→ PROBLEM DESCRIPTION
Please take the lines from the one holding "this 1344×1512 image." through the one holding "Some of the text" in the data below and copy them exactly.

→ MATERIAL FOR THE TASK
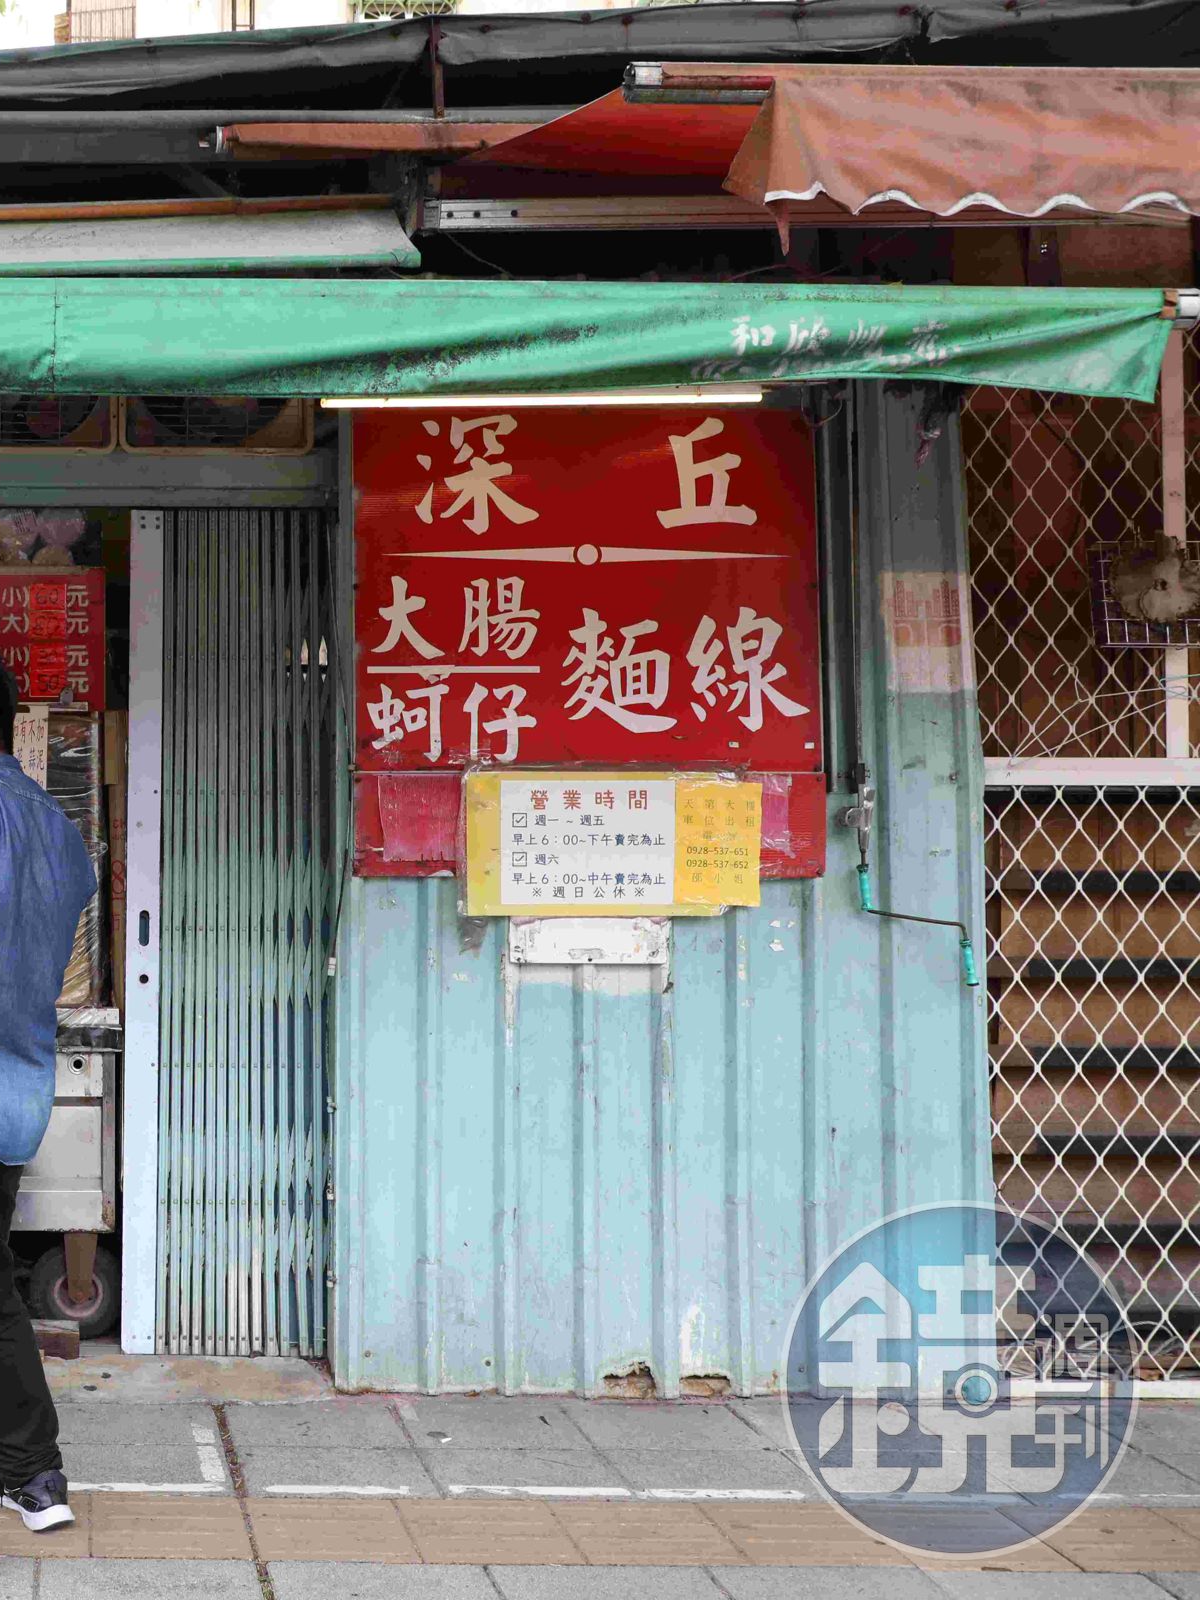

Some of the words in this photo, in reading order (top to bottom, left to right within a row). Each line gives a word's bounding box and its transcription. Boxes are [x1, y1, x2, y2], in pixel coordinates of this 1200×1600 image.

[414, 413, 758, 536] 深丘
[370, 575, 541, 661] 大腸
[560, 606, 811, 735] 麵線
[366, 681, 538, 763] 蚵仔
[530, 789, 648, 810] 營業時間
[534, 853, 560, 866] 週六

...

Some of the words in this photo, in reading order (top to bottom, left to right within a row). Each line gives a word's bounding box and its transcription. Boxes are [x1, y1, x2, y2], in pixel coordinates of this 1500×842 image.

==

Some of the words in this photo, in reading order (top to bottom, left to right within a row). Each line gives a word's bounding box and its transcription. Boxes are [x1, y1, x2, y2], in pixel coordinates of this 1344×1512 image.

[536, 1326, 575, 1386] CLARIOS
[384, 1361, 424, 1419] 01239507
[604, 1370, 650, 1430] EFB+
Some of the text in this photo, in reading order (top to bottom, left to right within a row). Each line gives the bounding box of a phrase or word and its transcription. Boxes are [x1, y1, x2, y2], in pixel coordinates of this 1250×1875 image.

→ YOUR RESPONSE
Some of the words in this photo, in reading order (top to bottom, left to right within a row). Each line gives a word's bounding box and its transcription. Boxes are [x1, y1, x2, y2], in pixel coordinates of this 1344×1512 image.

[536, 1326, 575, 1386] CLARIOS
[384, 1361, 424, 1419] 01239507
[604, 1370, 650, 1430] EFB+
Some of the text in this photo, in reading order (top to bottom, left to right within a row). Each line gives the bounding box of a phrase or word and its transcription. Boxes are [x1, y1, x2, y2], in pixel coordinates of this 1250×1875 image.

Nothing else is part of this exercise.